Building Biomechanics into a Business
Lewinson’s journey into biomechanics began in 2010 at the University of Calgary. He partnered with local clinics and international footwear companies to study the biomechanics of running, where he developed new footwear to treat patellofemoral pain syndrome (runner’s knee).
Lewinson moved on to studying knee osteoarthritis, a degenerative disease which causes painful stiffening of the knee due to cartilage breakdown. Lewinson invented and patented a new system for prescribing specialized footwear for people with osteoarthritis, and partnered with New Balance Athletic Shoe Inc. to conduct a clinical trial.
“We found a new way of predicting the type of shoe that someone would need, without them having to go through a big biomechanical testing scenario,” says Lewinson. “This is hopefully going to be something that allows patients to come into the clinic or store, use our system, and then very quickly know what kind of shoe or orthotic they need to reduce pain and allow them to get back to the functionality they had before knee osteoarthritis.”
In 2014, Lewinson received international exposure for his work on a project analyzing the biomechanics of snow shoveling to optimize shovel design. This study was published and then shared internationally, including in the Wall Street Journal. Additionally, stemming from his interest in wildlife and hiking, he used his expertise to publish a study on the biomechanics of mountain goats to determine how they are able to climb nearly vertical cliffs.

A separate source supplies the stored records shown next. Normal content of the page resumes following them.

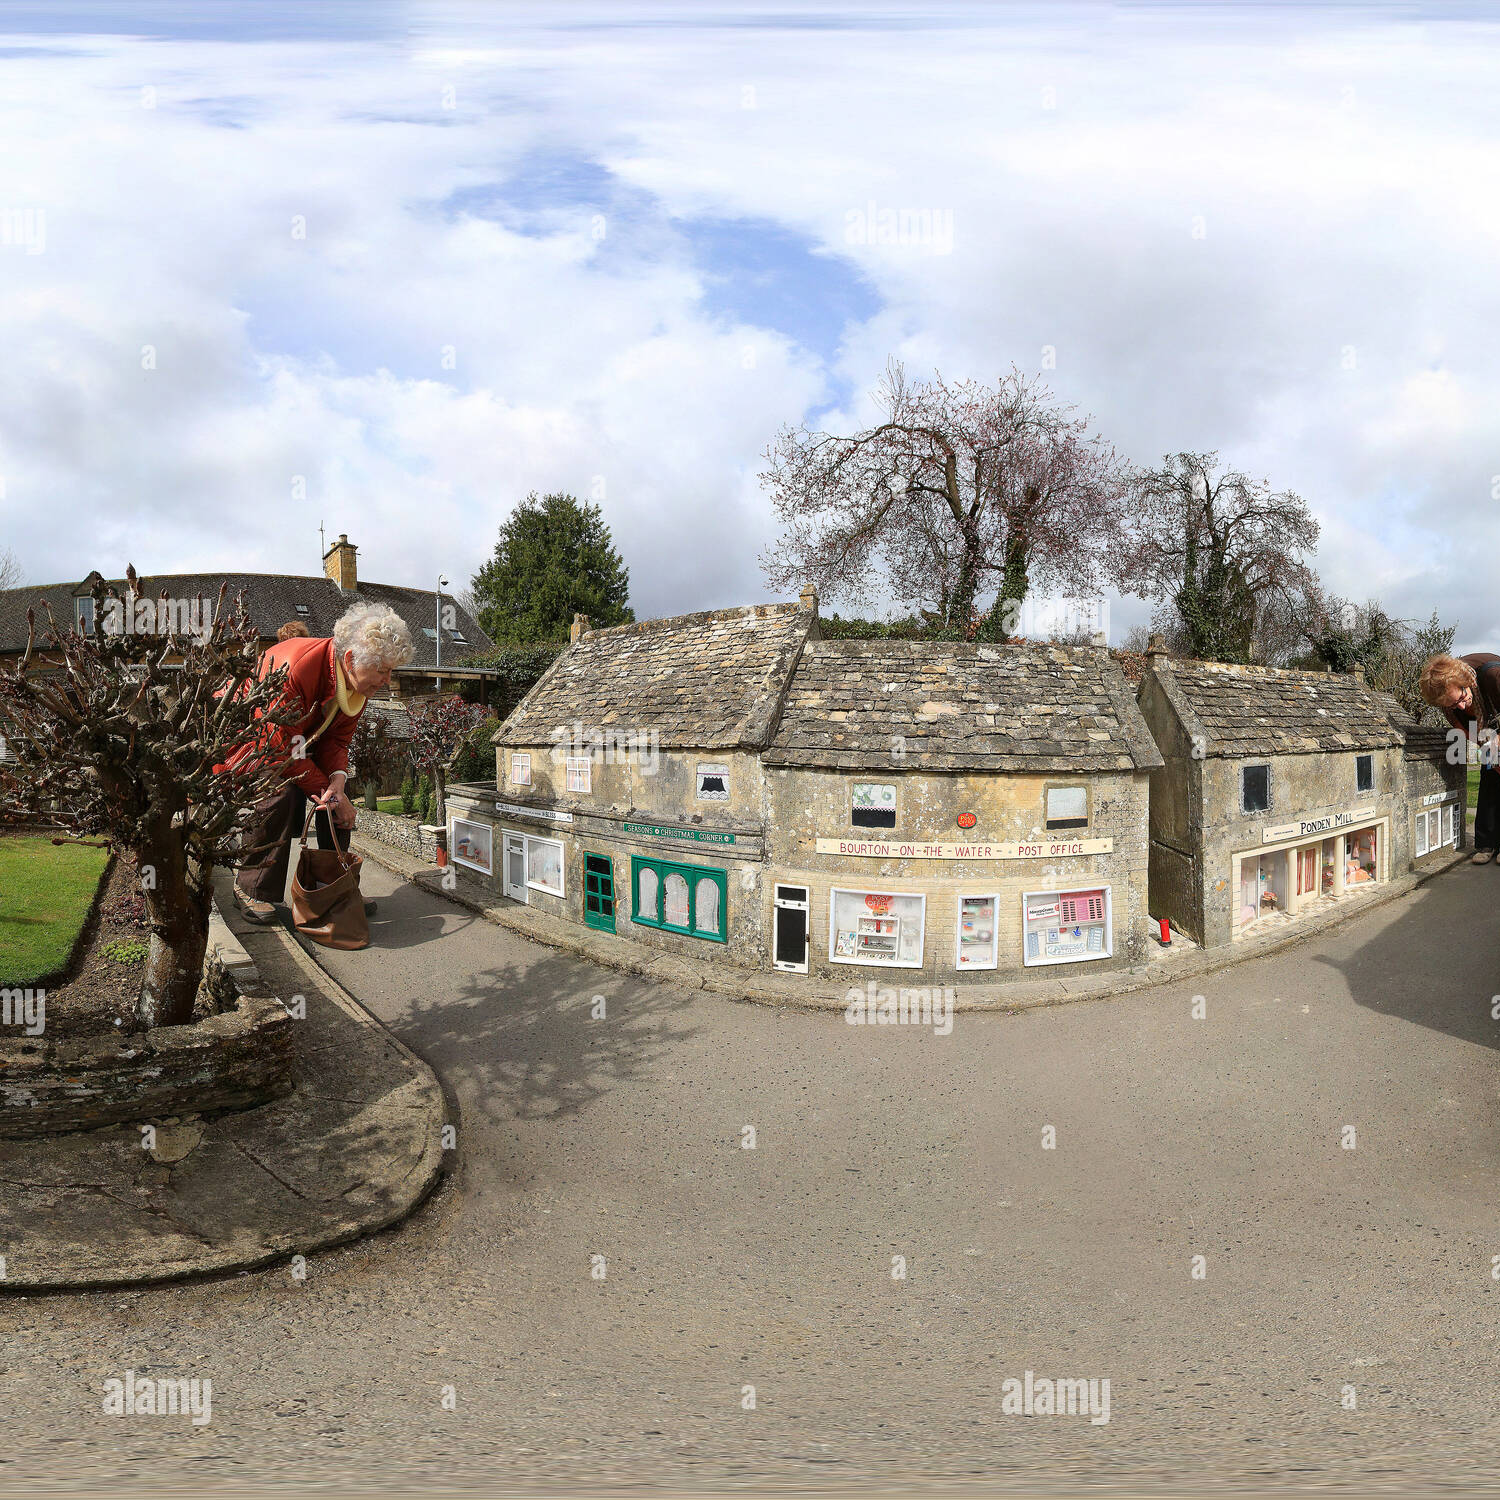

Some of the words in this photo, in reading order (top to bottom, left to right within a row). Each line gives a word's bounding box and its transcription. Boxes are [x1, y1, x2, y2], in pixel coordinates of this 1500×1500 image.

[627, 824, 654, 835] SEASONS
[660, 828, 695, 840] CHRISTMAS
[698, 832, 723, 842] CORNER
[1300, 817, 1331, 835] PONDEN
[1334, 813, 1353, 827] MILL
[1018, 845, 1043, 857] POST
[1050, 843, 1084, 855] OFFICE

Lewinson completed his Ph.D. in Biomedical Engineering in 2015, having been awarded nearly $700,000 in scholarships, publishing over 20 journal articles, and being involved in teaching and mentoring students in biomechanics and professional development. One of his awards was the Vanier Scholarship, which is Canada’s highest honour for a Ph.D. student. He is now in his second year of his Doctor of Medicine (M.D.) training, where he has continued research in biomechanics and taken on clinical projects in rheumatology and dermatology.
Lewinson also entered the world of entrepreneurship in 2015 by creating his own research consulting start-up called glacierRx.

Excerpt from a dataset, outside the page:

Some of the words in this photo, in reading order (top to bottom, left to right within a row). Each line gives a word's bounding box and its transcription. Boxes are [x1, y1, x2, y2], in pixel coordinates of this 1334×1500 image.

“During grad school I was approached by several companies about optimizing some of their products,” says Lewinson. “So I created glacierRx to offer some of the insights that I have in biomechanics, and hopefully help companies innovate new products for their customers.”
Currently in the middle of his M.D. training, Lewinson is looking toward a bright future. “My goal is to use glacierRx as a platform for offering clinical medicine to individual patients and as a research hub to develop new technologies,” says Lewinson. “A big challenge in science is transferring innovations from the lab to the clinic for patients to benefit from, so if I can do science and medicine under one roof then hopefully that will help.”